- _ACTION ITEM_
Which lines run from the one containing "this 1328×1328 image." through the end of the material? Transcribe them word for word, and only them.

- _EXERCISE INPUTS_
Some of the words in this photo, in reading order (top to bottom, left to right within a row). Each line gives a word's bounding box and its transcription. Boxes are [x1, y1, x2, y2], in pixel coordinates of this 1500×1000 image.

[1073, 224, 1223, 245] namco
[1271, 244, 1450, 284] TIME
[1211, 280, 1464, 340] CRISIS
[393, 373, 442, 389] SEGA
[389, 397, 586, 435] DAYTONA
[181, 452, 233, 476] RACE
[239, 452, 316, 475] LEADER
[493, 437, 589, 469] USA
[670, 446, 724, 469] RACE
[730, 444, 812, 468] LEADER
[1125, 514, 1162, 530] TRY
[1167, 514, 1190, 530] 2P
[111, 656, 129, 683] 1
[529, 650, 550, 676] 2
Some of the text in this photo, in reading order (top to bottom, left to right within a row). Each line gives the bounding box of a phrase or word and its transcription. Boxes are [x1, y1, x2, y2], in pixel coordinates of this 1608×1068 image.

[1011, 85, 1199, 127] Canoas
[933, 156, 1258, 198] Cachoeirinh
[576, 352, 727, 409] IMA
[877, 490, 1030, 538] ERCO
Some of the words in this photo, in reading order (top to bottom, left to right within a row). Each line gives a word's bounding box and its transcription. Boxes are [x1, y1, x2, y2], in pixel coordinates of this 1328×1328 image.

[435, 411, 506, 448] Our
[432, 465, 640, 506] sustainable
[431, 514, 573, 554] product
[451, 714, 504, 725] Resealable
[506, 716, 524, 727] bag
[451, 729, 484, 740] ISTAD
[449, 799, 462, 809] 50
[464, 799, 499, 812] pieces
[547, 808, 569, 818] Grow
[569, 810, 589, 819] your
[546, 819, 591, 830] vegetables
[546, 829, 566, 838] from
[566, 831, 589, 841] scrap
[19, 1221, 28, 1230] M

- _EXERCISE ANSWER_
Some of the words in this photo, in reading order (top to bottom, left to right within a row). Each line gives a word's bounding box and its transcription. Boxes are [x1, y1, x2, y2], in pixel coordinates of this 1328×1328 image.

[435, 411, 506, 448] Our
[432, 465, 640, 506] sustainable
[431, 514, 573, 554] product
[451, 714, 504, 725] Resealable
[506, 716, 524, 727] bag
[451, 729, 484, 740] ISTAD
[449, 799, 462, 809] 50
[464, 799, 499, 812] pieces
[547, 808, 569, 818] Grow
[569, 810, 589, 819] your
[546, 819, 591, 830] vegetables
[546, 829, 566, 838] from
[566, 831, 589, 841] scrap
[19, 1221, 28, 1230] M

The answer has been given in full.